━━━━━ LISTED RECORDS

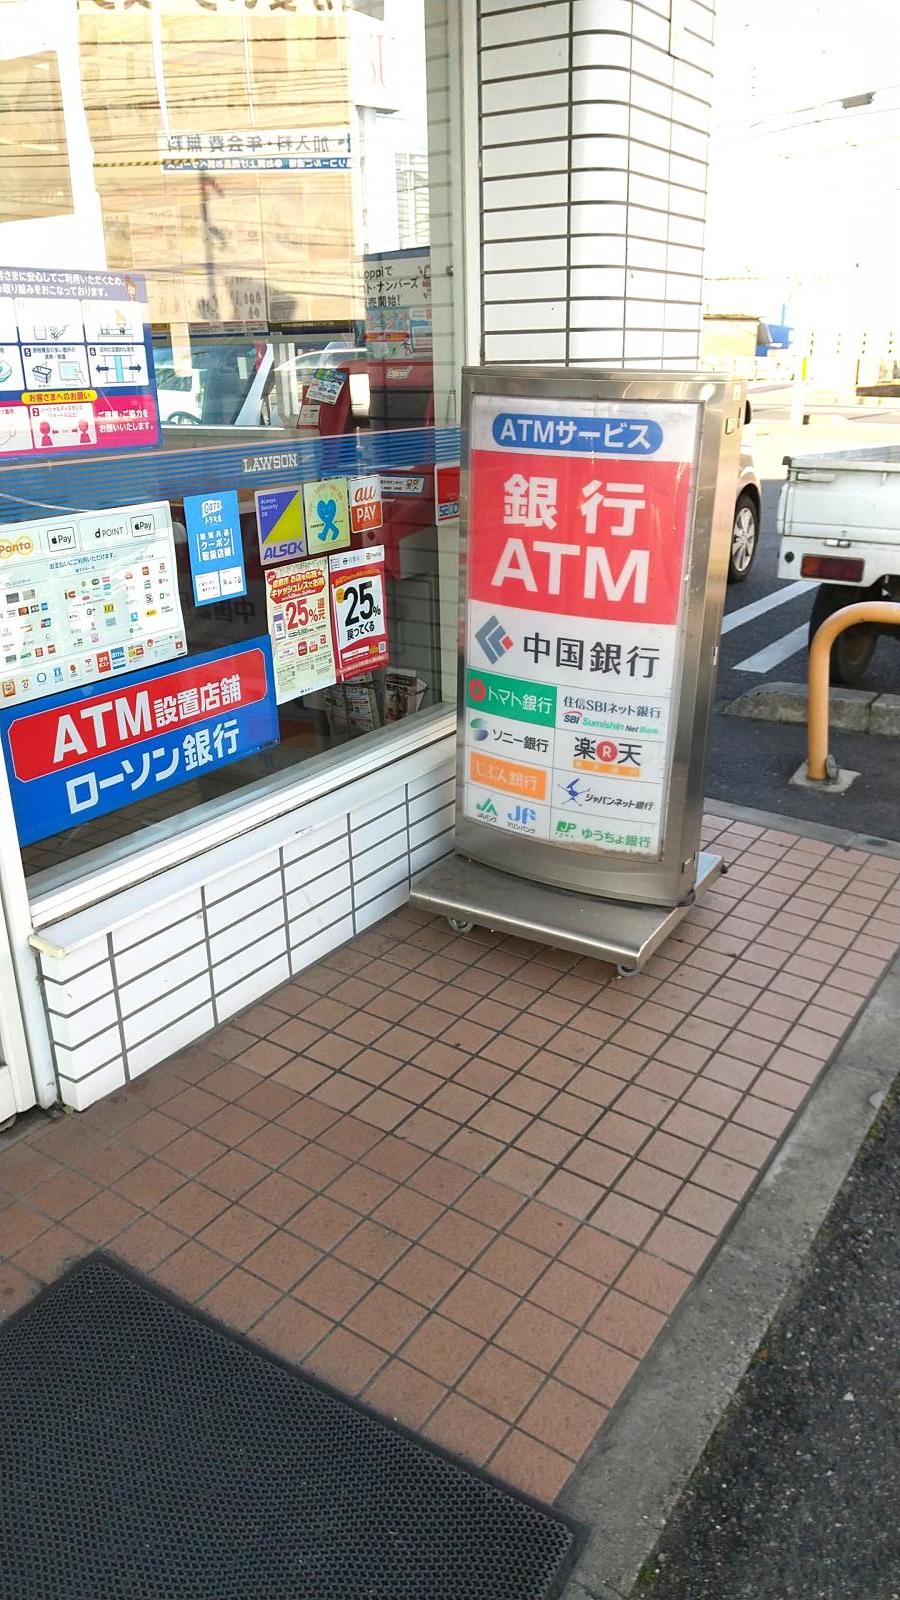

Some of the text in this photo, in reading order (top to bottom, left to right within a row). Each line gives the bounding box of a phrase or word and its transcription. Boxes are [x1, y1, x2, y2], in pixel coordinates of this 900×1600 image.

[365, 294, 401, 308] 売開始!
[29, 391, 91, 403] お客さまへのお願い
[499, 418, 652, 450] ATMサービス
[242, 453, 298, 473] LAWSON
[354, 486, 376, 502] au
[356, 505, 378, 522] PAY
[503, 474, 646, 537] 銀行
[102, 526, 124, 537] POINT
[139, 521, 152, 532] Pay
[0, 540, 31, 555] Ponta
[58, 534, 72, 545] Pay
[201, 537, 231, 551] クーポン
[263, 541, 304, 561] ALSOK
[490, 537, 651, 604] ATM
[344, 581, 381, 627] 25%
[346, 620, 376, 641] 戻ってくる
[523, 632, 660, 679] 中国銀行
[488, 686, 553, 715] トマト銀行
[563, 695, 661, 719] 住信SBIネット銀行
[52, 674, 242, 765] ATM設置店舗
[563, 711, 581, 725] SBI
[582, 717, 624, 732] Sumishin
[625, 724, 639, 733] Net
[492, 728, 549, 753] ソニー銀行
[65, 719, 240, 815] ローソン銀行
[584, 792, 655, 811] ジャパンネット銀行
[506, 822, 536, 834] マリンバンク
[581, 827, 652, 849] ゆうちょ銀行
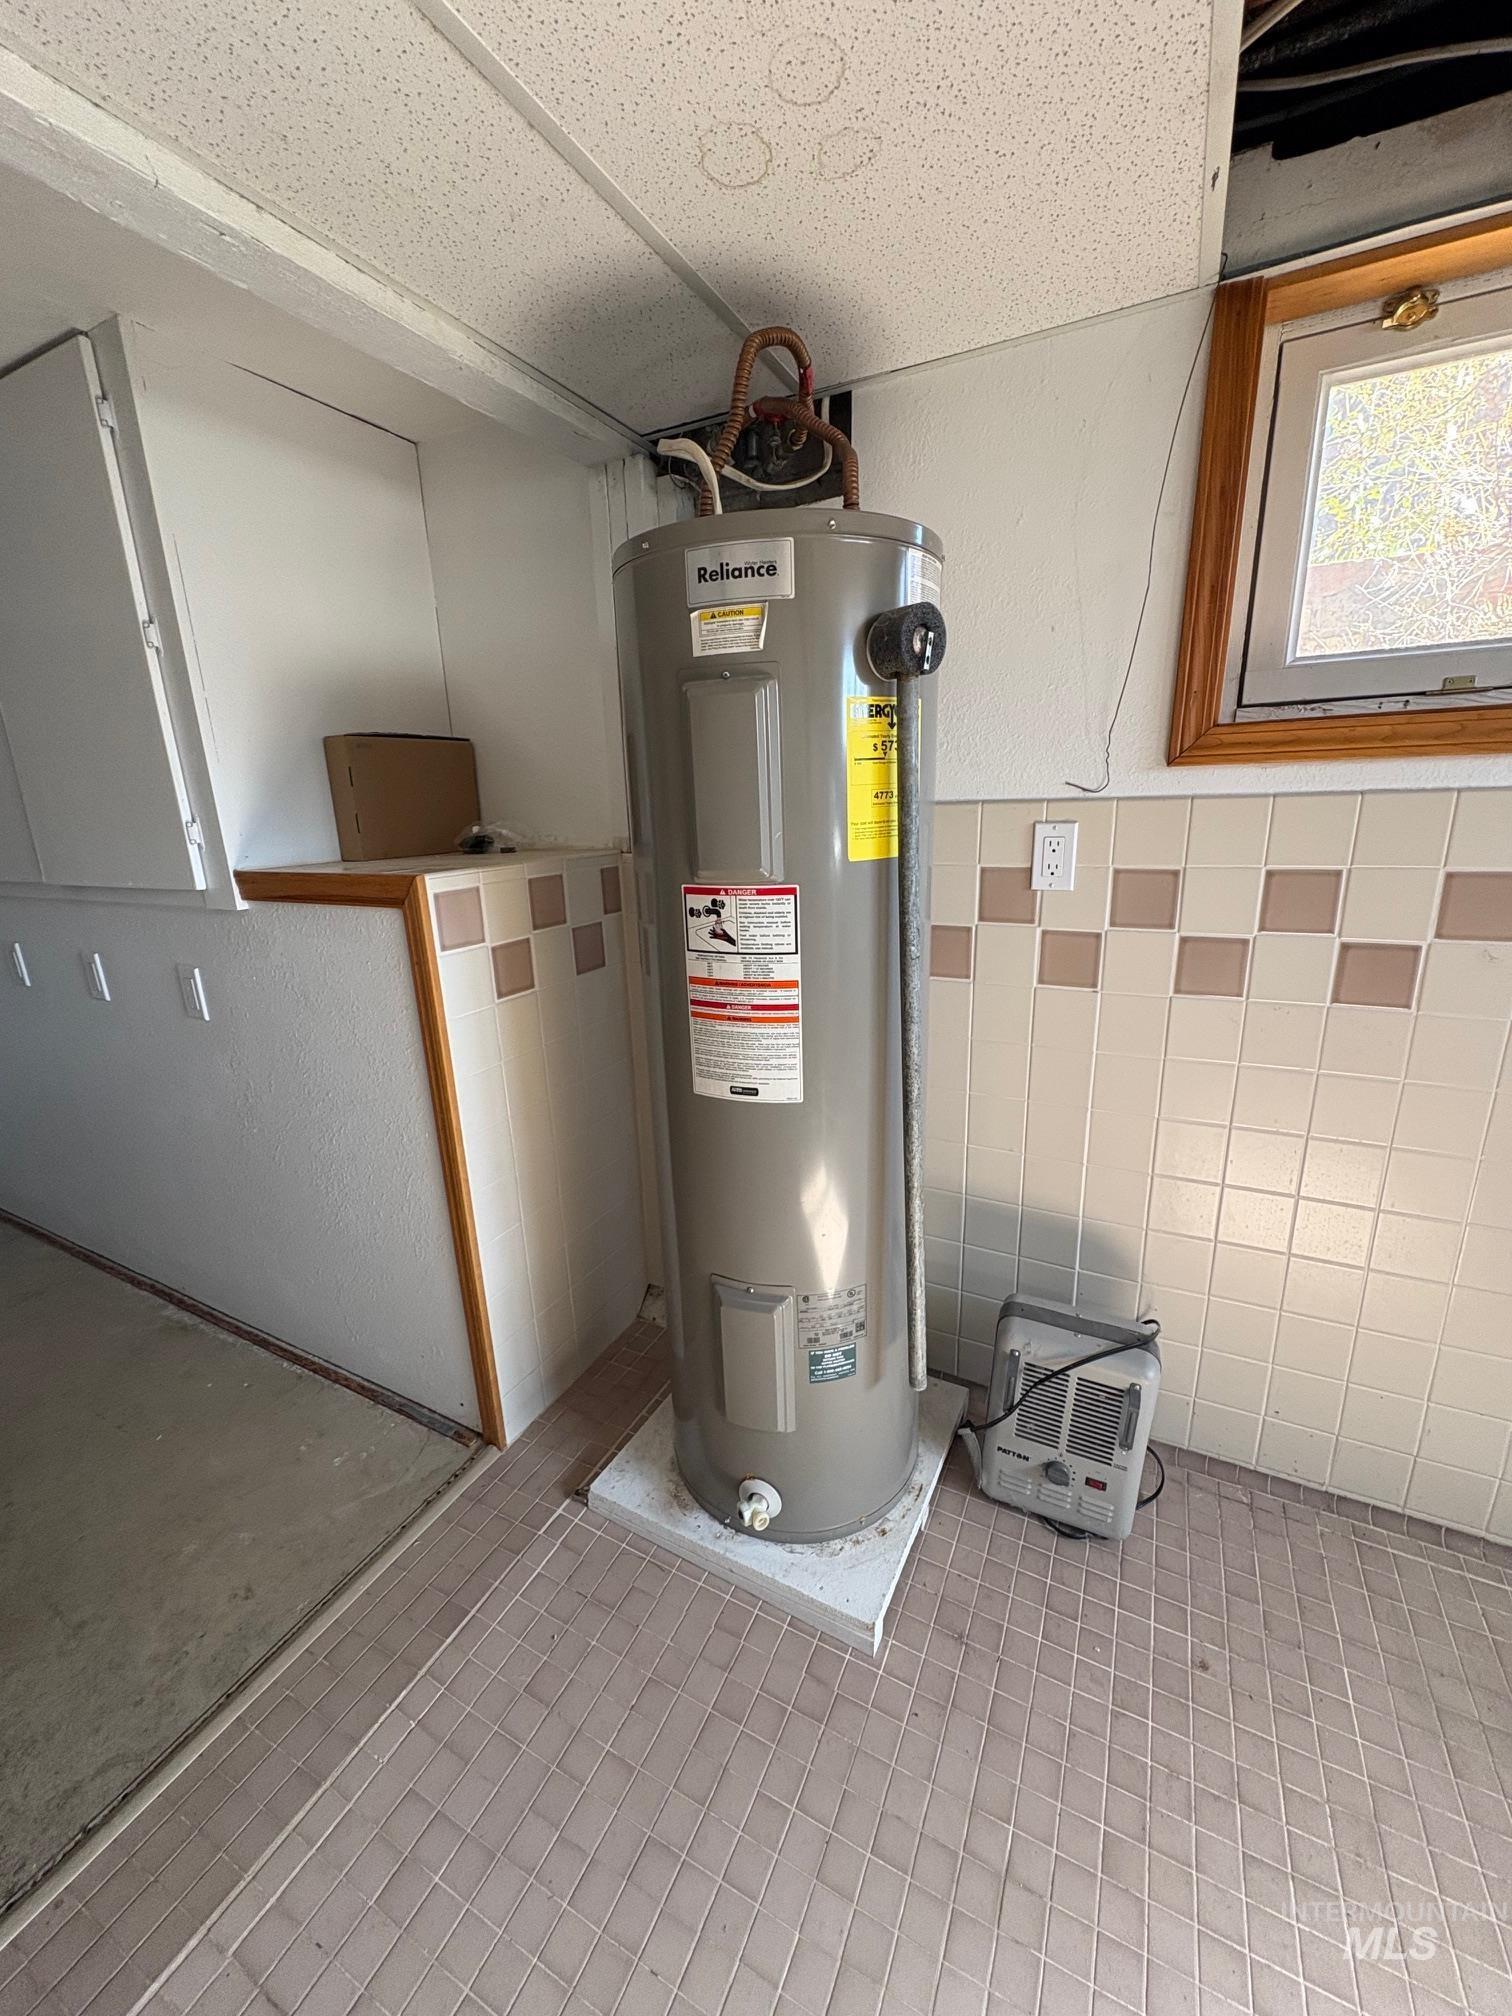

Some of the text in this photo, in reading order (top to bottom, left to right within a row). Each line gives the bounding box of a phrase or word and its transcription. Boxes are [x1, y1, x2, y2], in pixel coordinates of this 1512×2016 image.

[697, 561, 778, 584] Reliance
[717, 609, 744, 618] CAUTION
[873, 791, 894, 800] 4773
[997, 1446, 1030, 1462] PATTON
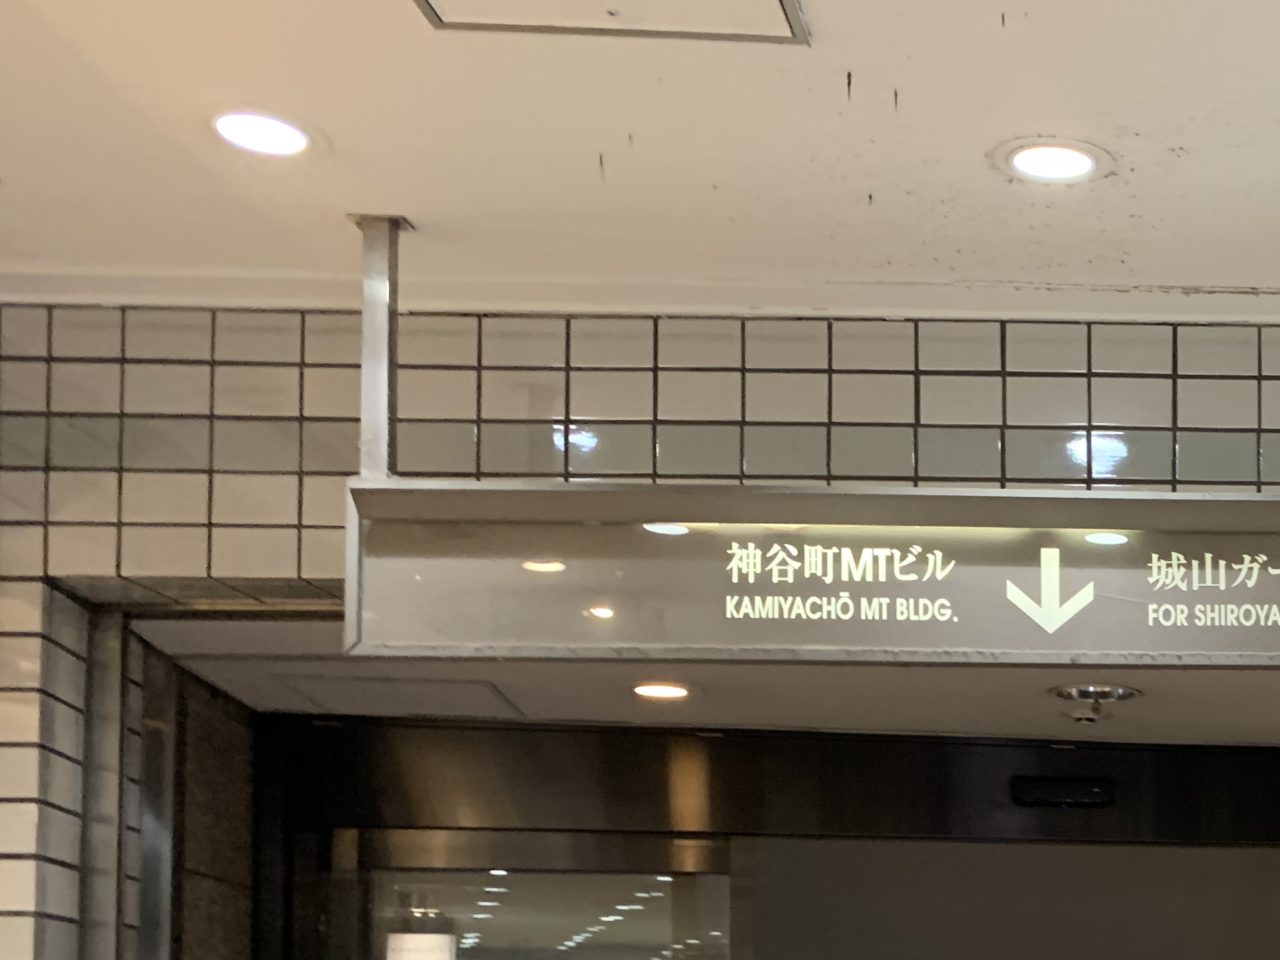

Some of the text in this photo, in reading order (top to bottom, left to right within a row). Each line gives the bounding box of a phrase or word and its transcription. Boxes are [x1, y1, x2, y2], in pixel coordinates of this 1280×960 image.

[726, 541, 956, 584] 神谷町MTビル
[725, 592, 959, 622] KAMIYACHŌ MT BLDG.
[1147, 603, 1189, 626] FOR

━━━━━━━━━━

YOUR TASK » Every line from the one containing "this 1280×960 image." through the last line of the entries above must be output exactly. Leave the rest out.

SOLUTION FOR THIS EXERCISE »
Some of the text in this photo, in reading order (top to bottom, left to right within a row). Each line gives the bounding box of a phrase or word and its transcription. Boxes are [x1, y1, x2, y2], in pixel coordinates of this 1280×960 image.

[726, 541, 956, 584] 神谷町MTビル
[725, 592, 959, 622] KAMIYACHŌ MT BLDG.
[1147, 603, 1189, 626] FOR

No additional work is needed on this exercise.